Special table 2003-527951 gazette JP 2002-139472 A

  However, in the conventional air purification device, the purification function of the catalyst may be deteriorated. An object of this invention is to provide the air purification apparatus which can improve the purification function of a catalyst in view of the said subject.

  The present invention comprises a catalyst made of metal and purifying a chemical substance in the atmosphere, an energizing means for energizing the catalyst, and a resistance measuring means for measuring the electric resistance of the catalyst, the resistance measuring means When the temperature of the catalyst estimated based on the electrical resistance measured by the above is lower than the activation temperature of the catalyst, the energization means energizes the energization so that the temperature of the catalyst rises to the activation temperature It is. According to the present invention, by energizing the catalyst, the temperature of the catalyst can be raised to the activation temperature, and the purification function of the catalyst can be enhanced. Further, the temperature of the catalyst can be grasped with a simple configuration.

  In the above configuration, a purification function diagnosing means for diagnosing the purification function of the catalyst based on the electrical resistance measured by the resistance measuring means can be provided. According to this configuration, the self-diagnosis of the purification function can be performed with a simple configuration.

  In the above configuration, when the purification function diagnosis unit diagnoses that the purification function of the catalyst is abnormal, the energization unit performs energization to restore the purification function of the catalyst and restores the purification function of the catalyst. The energization to do so may be configured to increase the temperature of the catalyst to such a temperature that the purification function of the catalyst is restored. According to this configuration, it is possible to perform self-diagnosis of the purification function and recovery of the purification function with a simple configuration.

  In the above configuration, when the purification function diagnosis unit diagnoses that the purification function of the catalyst is abnormal, the energization unit performs energization to restore the purification function of the catalyst and restores the purification function of the catalyst. The energization to do so may be a configuration that causes electrolysis of the oxide generated in the catalyst. According to this configuration, it is possible to perform self-diagnosis of the purification function and recovery of the purification function with a simple configuration.
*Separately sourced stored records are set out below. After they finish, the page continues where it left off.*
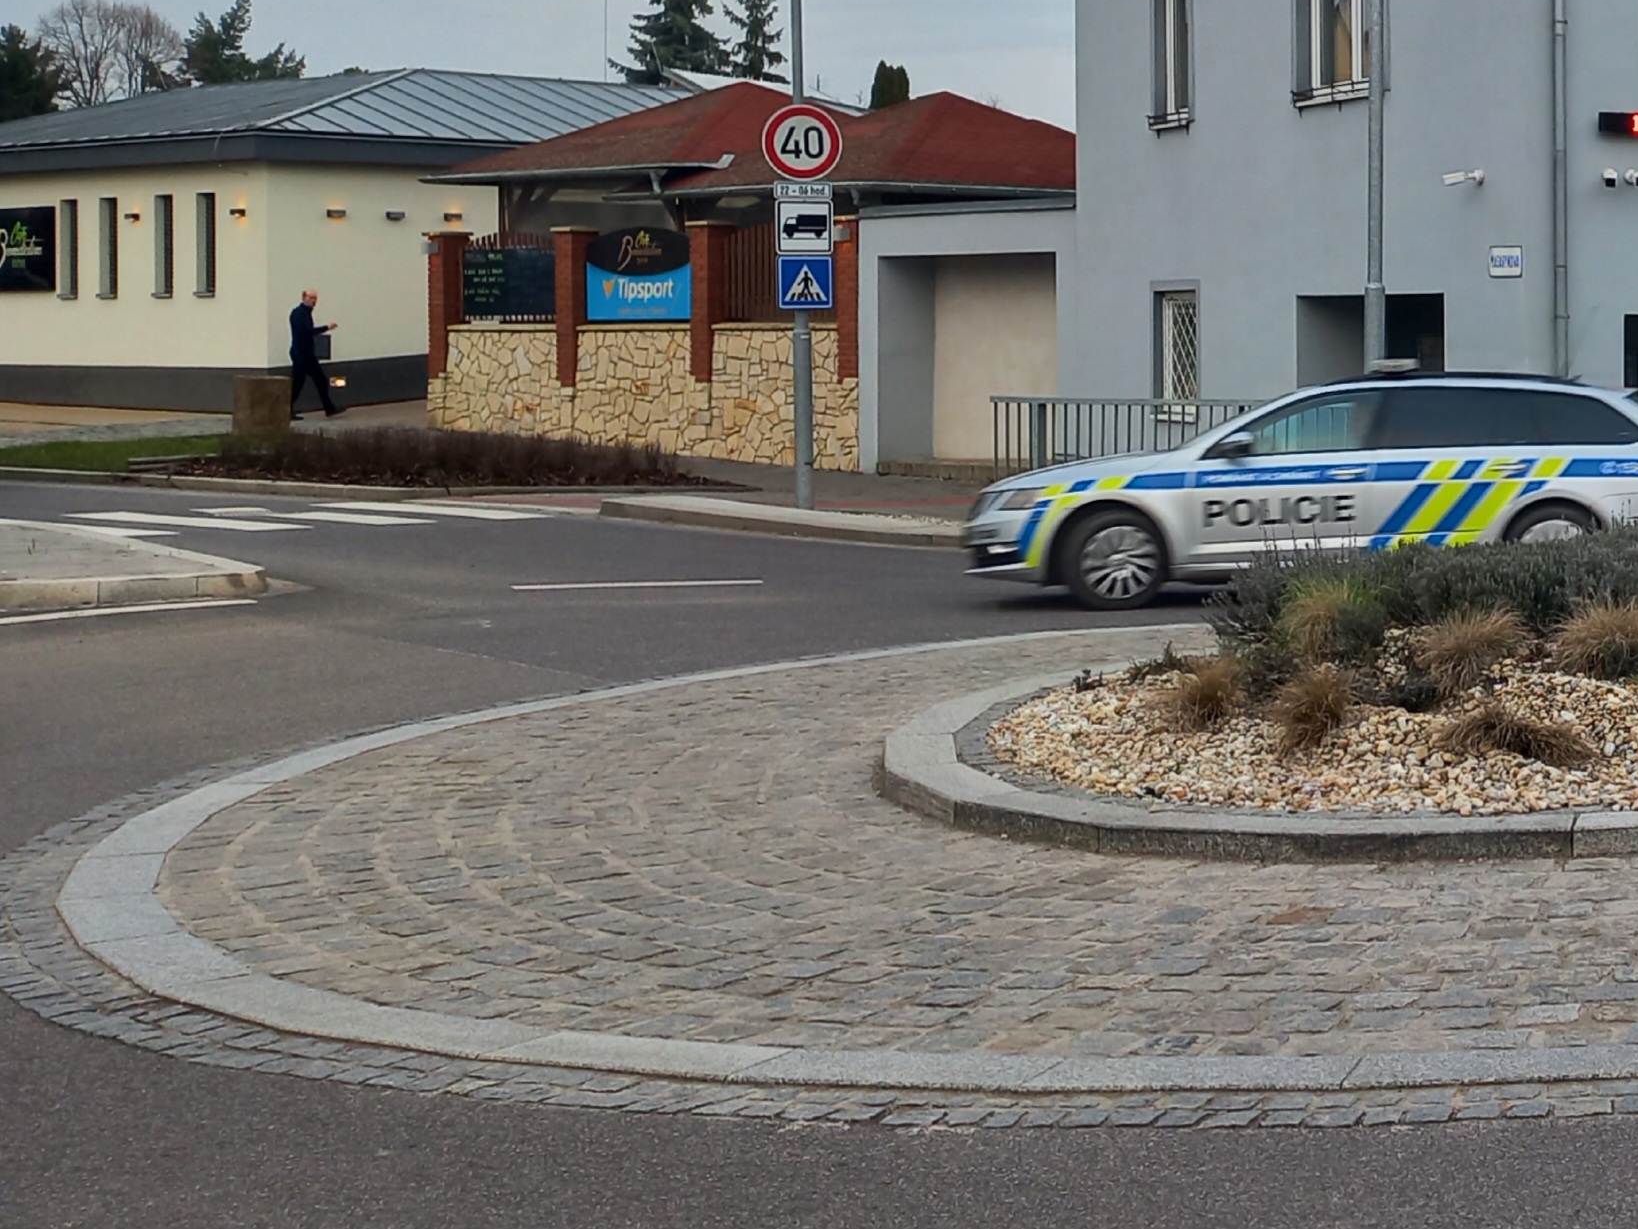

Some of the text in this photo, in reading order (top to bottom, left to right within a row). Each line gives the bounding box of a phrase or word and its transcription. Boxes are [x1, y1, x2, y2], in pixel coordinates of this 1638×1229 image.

[780, 125, 824, 160] 40
[780, 185, 789, 196] 22
[617, 277, 674, 303] Tipsport
[1203, 494, 1356, 528] POLICIE
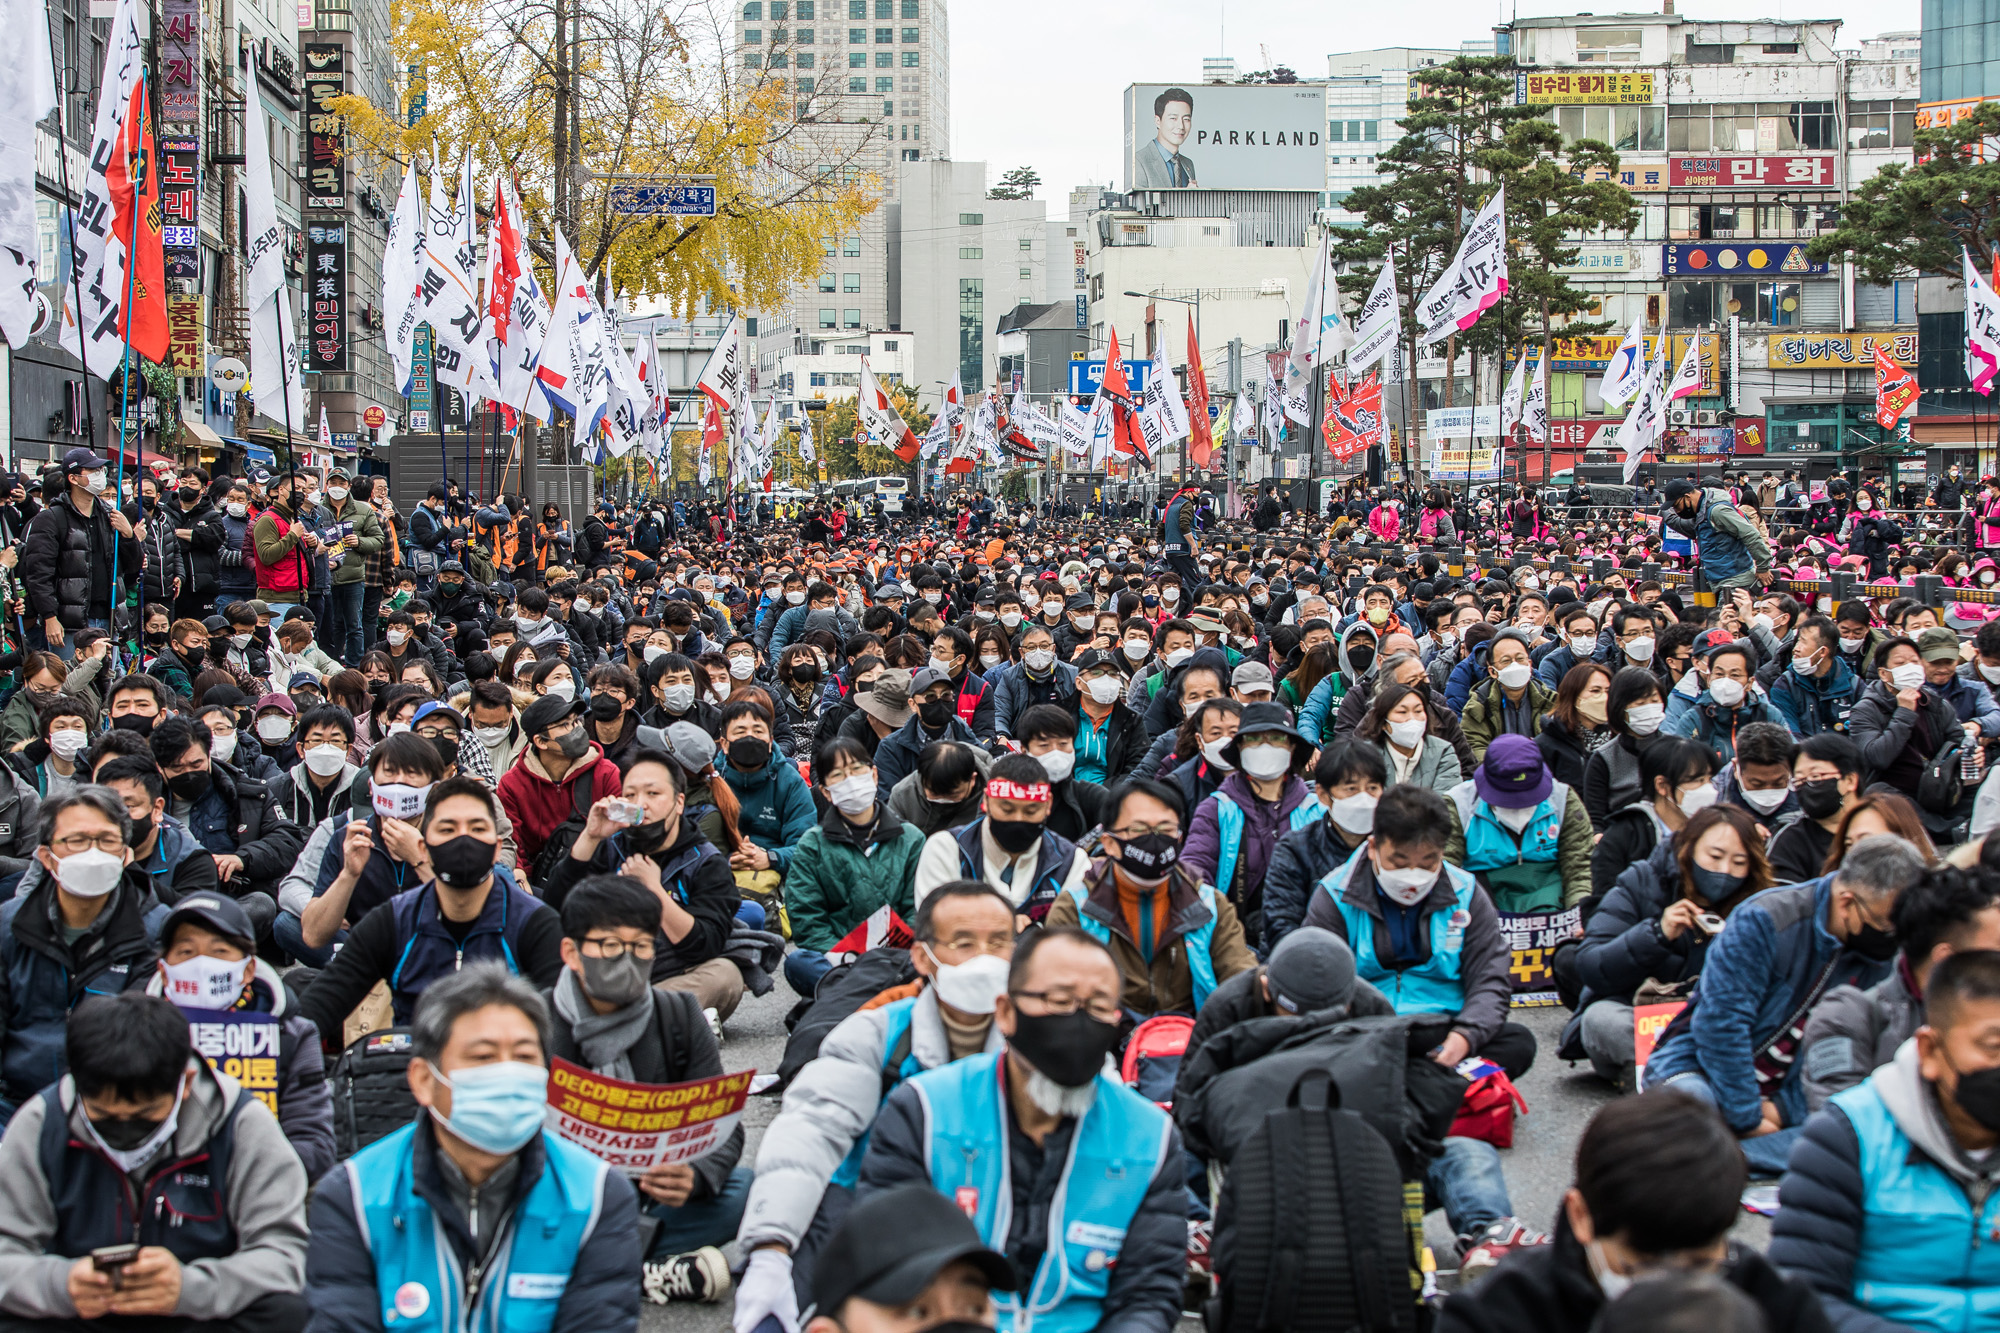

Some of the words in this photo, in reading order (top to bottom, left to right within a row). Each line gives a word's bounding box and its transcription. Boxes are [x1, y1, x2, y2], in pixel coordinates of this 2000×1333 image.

[164, 92, 198, 108] 24시
[1621, 94, 1651, 102] 인테리어
[1198, 130, 1319, 146] PARKLAND
[1681, 159, 1721, 172] 책천지
[1731, 158, 1827, 185] 만화
[163, 155, 196, 221] 노래
[164, 227, 195, 244] 광장
[309, 226, 345, 244] 동래
[315, 253, 339, 299] 東萊
[1811, 264, 1823, 272] 3F
[169, 302, 200, 370] 공인중개사
[858, 434, 866, 442] 50
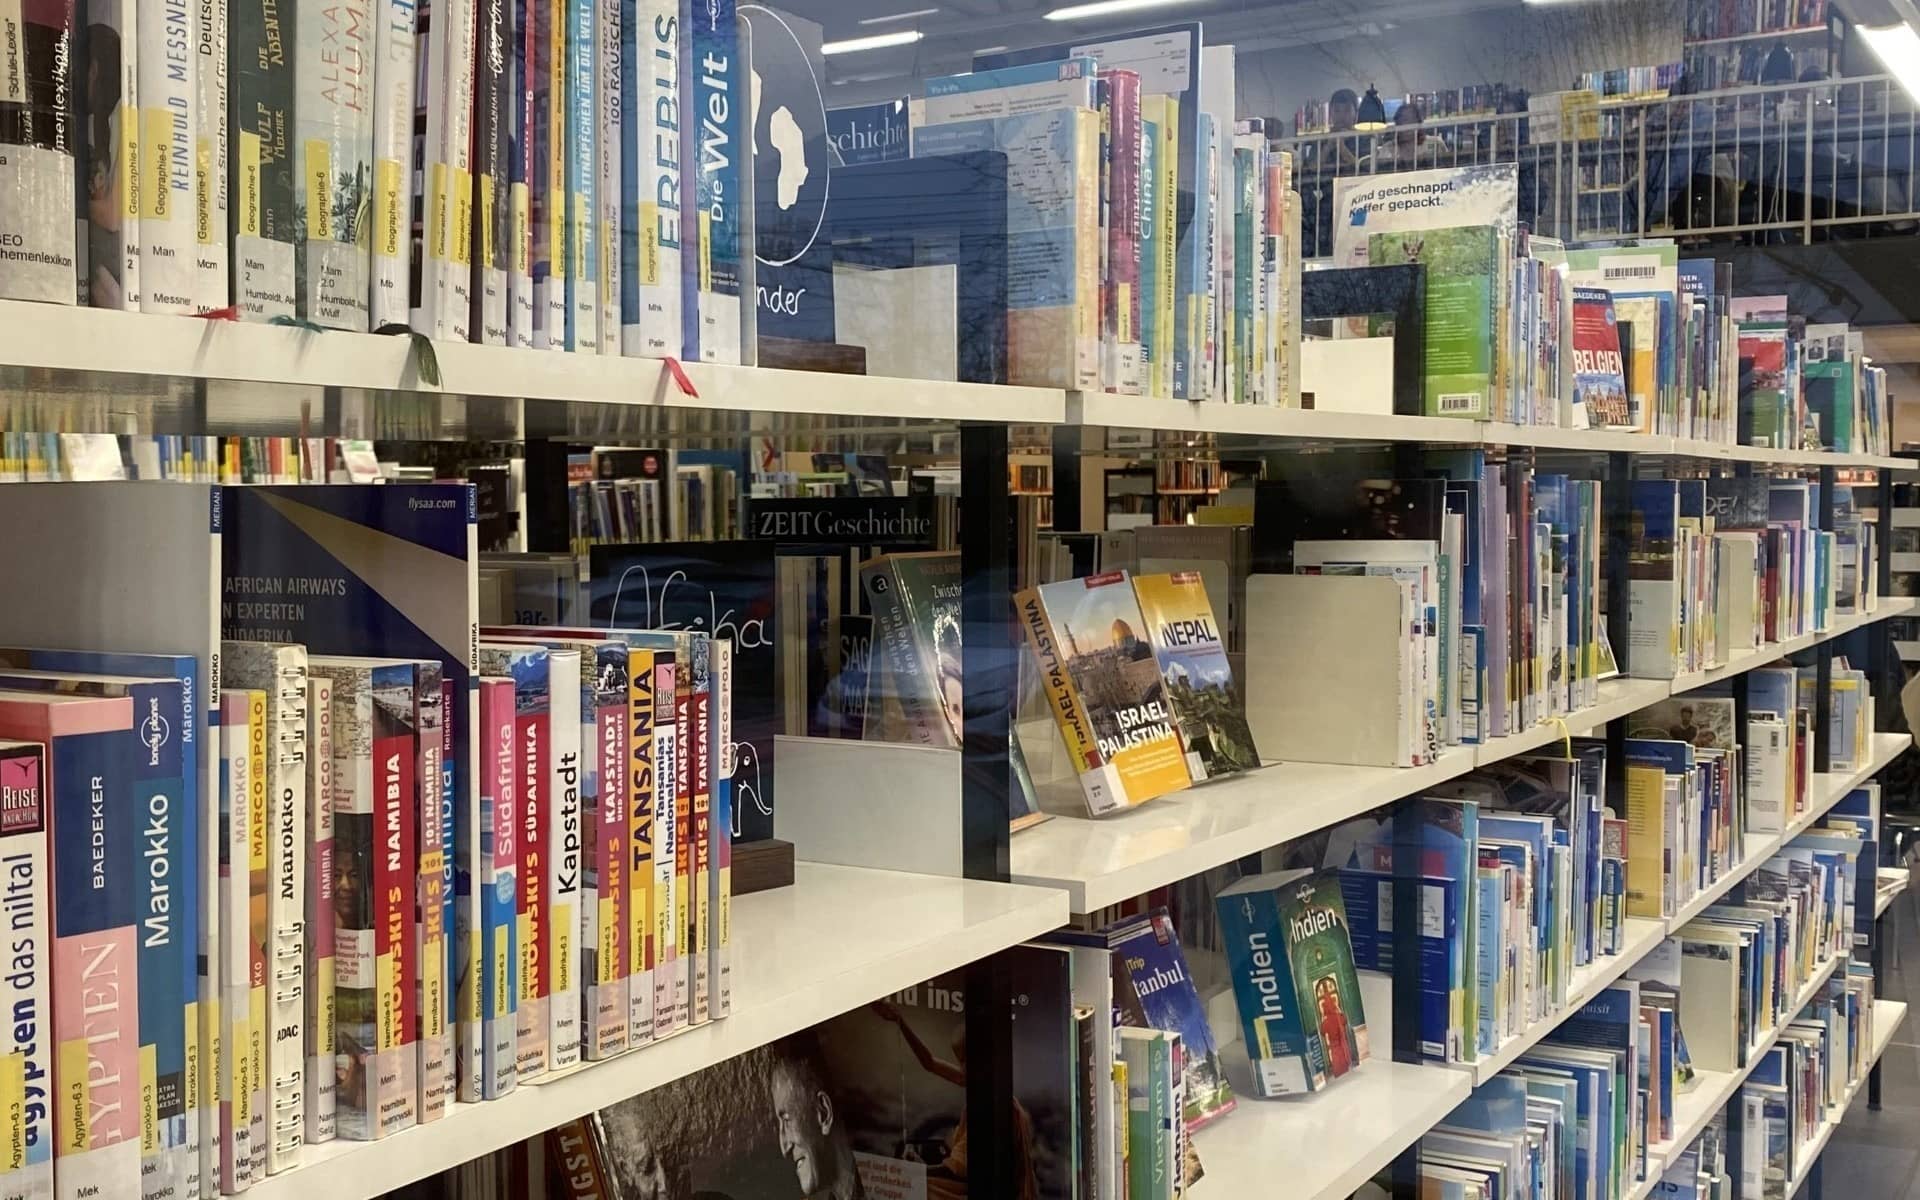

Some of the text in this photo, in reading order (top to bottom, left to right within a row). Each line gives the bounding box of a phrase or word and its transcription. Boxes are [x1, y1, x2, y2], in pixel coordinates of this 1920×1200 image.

[580, 3, 592, 40] WELT
[259, 47, 269, 70] DIE
[581, 45, 592, 68] DIE
[581, 73, 592, 94] UM
[258, 102, 273, 166] WULF
[610, 99, 619, 126] 100
[703, 51, 730, 223] Die Welt
[171, 97, 189, 191] REINHOLD
[218, 116, 227, 169] Suche
[129, 142, 137, 215] Geographie-6
[155, 144, 167, 216] Geographie-6
[198, 170, 208, 240] Geographie-6
[218, 174, 227, 210] Eine
[247, 166, 256, 232] Geographie-6
[318, 171, 327, 237] Geographie-6
[1140, 168, 1153, 241] China
[1351, 181, 1457, 206] Kind geschnappt.
[387, 190, 397, 254] Geographie-6
[1348, 196, 1444, 219] Koffer gepackt.
[152, 245, 175, 257] Man
[245, 272, 251, 281] 2
[246, 302, 264, 313] Wulf
[321, 278, 335, 288] 2.0
[380, 279, 394, 288] Mb
[320, 308, 340, 318] Wulf
[1573, 349, 1624, 377] BELGIEN
[212, 491, 221, 528] MERIAN
[408, 497, 456, 510] flysaa.com
[469, 486, 477, 519] MERIAN
[225, 577, 346, 596] AFRICAN AIRWAYS
[238, 603, 305, 621] EXPERTEN
[471, 622, 479, 671] SÜDAFRIKA
[1162, 618, 1218, 648] NEPAL
[211, 653, 219, 704] MAROKKO
[182, 675, 194, 744] Marokko
[443, 694, 452, 751] Reisekarte
[721, 651, 730, 770] MARCO POLO
[1115, 701, 1169, 730] ISRAEL
[320, 687, 332, 830] MARCO POLO
[605, 714, 617, 824] KAPSTADT
[678, 701, 689, 794] TANSANIA
[698, 698, 709, 790] TANSANIA
[1098, 722, 1176, 759] PALÄSTINA
[3, 785, 38, 810] REISE
[253, 701, 264, 857] MARCO POLO
[424, 747, 435, 818] NAMIBIA
[498, 723, 514, 858] Südafrika
[526, 722, 538, 844] SÜDAFRIKA
[633, 666, 653, 873] TANSANIA
[655, 736, 666, 822] Tansanias
[665, 734, 675, 856] Nationalparks
[235, 756, 248, 845] MAROKKO
[387, 751, 401, 872] NAMIBIA
[557, 751, 581, 895] Kapstadt
[91, 775, 105, 890] BAEDEKER
[280, 787, 295, 900] Marokko
[425, 823, 435, 847] 101
[2, 852, 35, 932] niltal
[143, 793, 171, 949] Marokko
[321, 847, 332, 900] NAMIBIA
[603, 926, 611, 982] Südafrika-6.3
[1290, 908, 1338, 946] Indien
[5, 937, 36, 991] das
[521, 942, 529, 1000] Südafrika-6.3
[560, 935, 568, 992] Südafrika-6.3
[1249, 931, 1286, 1021] Indien
[276, 1024, 299, 1043] ADAC
[326, 995, 335, 1053] Namibia-6.3
[384, 991, 392, 1048] Namibia-6.3
[431, 980, 439, 1036] Namibia-6.3
[556, 1019, 574, 1029] Mem
[188, 1044, 197, 1109] Marokko-6.3
[240, 1056, 248, 1120] Marokko-6.3
[253, 1030, 261, 1092] Marokko-6.3
[380, 1073, 397, 1087] Mem
[425, 1060, 443, 1072] Mem
[556, 1055, 577, 1065] Vartan
[72, 1082, 87, 1149] Ägypten-6.3
[143, 1084, 152, 1151] Marokko-6.3
[380, 1098, 407, 1113] Namibia
[380, 1108, 414, 1127] Iwanowski
[10, 1102, 22, 1170] Ägypten-6.3
[77, 1184, 100, 1199] Mek
  In the above configuration, the vehicle includes a travel distance measuring unit that measures a travel distance of a vehicle on which the air purification device is mounted, or an operation time measurement unit that measures an operation time of the engine of the vehicle, and is measured by the travel distance measuring unit. When the measured travel distance becomes a predetermined distance, or when the operation time measured by the operation time measurement means reaches a predetermined time, the energization means changes the temperature of the catalyst to the catalyst purification function. It can be set as the structure which supplies with electricity so that it may raise to the temperature which recovers. According to this configuration, the poisoning component of the catalyst can be desorbed and the purification function can be recovered.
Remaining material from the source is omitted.